Serbien - Polen 2:2 (EM-Qualifikation, 21.11.07)

Das Marakana in Belgrad

Wenn sich kurz vor der Landung der Pilot mit dem Satz "Ich habe eine schlechte Nachricht für Sie" meldet, ist das meist ein schlechtes Zeichen. In der Regel folgen dann Sätze wie "Ich habe den Steuerknüppel aus der Verankerung gerissen", "Meine Co-Pilotin hat zwei Stunden lang die Karte auf dem Kopf gehalten" oder aber "Wir können unseren Zielflughafen leider nicht anfliegen". Letzteres Schicksal ereilte mich nun binnen kürzerer Zeit zum zweiten Mal: "Wegen Nebels ist der Flughafen in Belgrad leider gesperrt", verkündete Pit Cock, als wäre es das normalste der Welt: "Stattdessen fliegen wir nach" ... (Hochspannung im Flieger) ... "einen Moment" ... (ein echter Dramatiker, der Mann) .... "Zagreb!"

Polnisches Intro Auf den letzten Drücker

Und so begann wieder einmal der Wettlauf gegen die Uhr. Um 14 Uhr startete der Lufthansa-Ersatz-Bus, etwa fünf Stunden Fahrzeit, 20.45 Anpfiff - das müsste doch zu schaffen sein. MÜSSTE - wäre da nicht
a) der tatsächlich immer dichter werdende Nebel
b) eine 20-minütige Pause an einer Tankstelle (bei der ich demonstrativ sitzen geblieben bin, sind ja nicht zum Spaß hier), sowie
c) die kroatisch-serbische Grenze, die noch einmal endlose 30 Minuten in Anspruch nahm. Aaaaaaah!!!

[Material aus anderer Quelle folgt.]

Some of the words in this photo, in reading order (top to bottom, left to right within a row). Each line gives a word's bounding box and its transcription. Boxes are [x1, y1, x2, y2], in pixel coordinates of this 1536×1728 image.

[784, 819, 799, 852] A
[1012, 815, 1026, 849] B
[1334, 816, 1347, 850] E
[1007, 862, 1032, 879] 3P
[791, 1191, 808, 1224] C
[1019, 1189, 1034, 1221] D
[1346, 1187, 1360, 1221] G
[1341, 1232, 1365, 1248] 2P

Um Punkt 20 Uhr erreichten wir endlich den Belgrader Flugafen, in Windeseile Geld getauscht, das erste Taxi geschnappt und ab dafür. "Marakana, please" - "What?" - "Ääh...Marakana?" - "Hä?" - "Marakana! Football!" - "Ah! Marrrrrrakana!". Ja, im Serbischen kommt es auf die Feinheiten an... Was soll ich sagen? Um 20.29 Uhr betrat ich glücklich das weite Rund, der Nebel hatte sich auch gelichtet - Oh, Hoppergott, ich danke dir!

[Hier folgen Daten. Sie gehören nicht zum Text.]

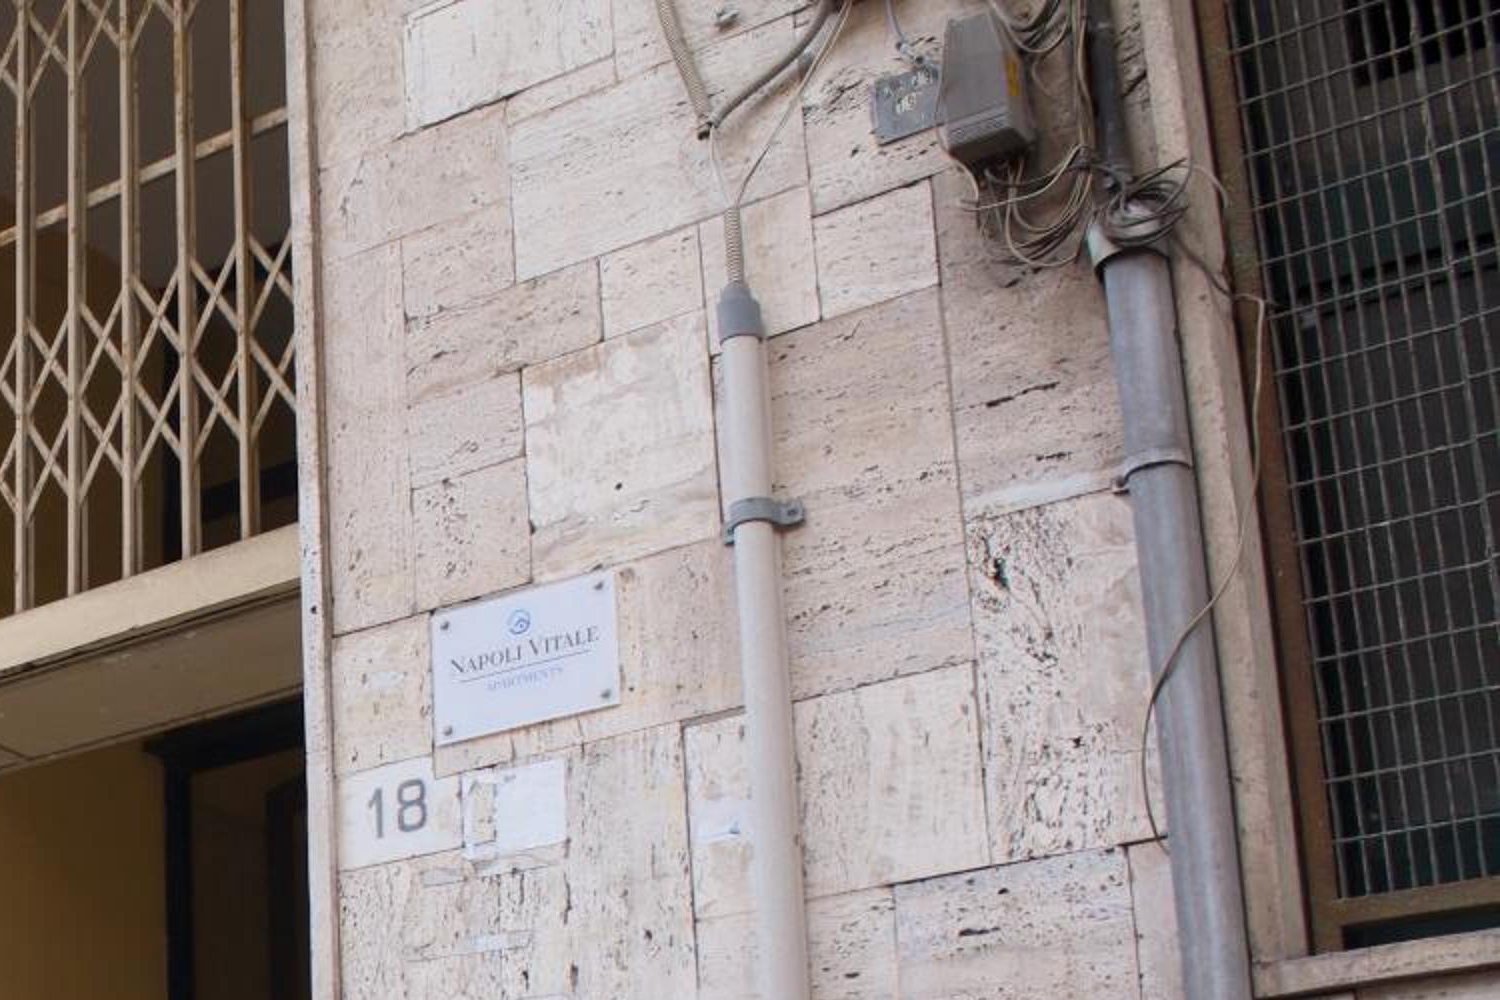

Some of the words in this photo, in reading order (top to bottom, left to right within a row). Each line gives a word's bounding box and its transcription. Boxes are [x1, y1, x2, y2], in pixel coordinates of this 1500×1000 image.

[451, 645, 522, 674] NAPOLI
[528, 627, 599, 655] VITALE
[367, 777, 429, 839] 18

Zu sehen gab es das EM-Qualifikationsspiel zwischen Serbien und Polen. Leider fehlte der besondere Reiz: Während die Gäste bereits als Gruppensieger feststanden, hatten die Hausherren nur noch minimale Chancen. Selbst die eigenen Fans glaubten wohl nicht mehr an ihr Team: Offiziell 2000 Zuschauer verirrten sich in der riesigen Schüssel, über die Hälfte davon zudem aus Polen. Letztere boten mit ihren zehn Bengalen zum Intro nicht nur etwas für Auge, sondern hatten über 90 Minuten auch stimmlich einiges zu bieten. Eine echtes Heimspiel also für Polen, und so trat die Elf dann auch auf: Nach 50 Minuten stand es 0:2. Wie aus dem Nichts kam daher der serbische Doppelschlag (68./70.) zum 2:2, was zum Erhalt der letzten EM-Chance aber noch nicht reichte. So drückten die Serben - übrigens ohne Marko Pantelic, aber mit Mladen Krstajic - in der Schlussphase gehörig, letztlich jedoch ohne Erfolg. Das Team von Javier Clemente muss einmal mehr bei einem großen Turnier daheim bleiben.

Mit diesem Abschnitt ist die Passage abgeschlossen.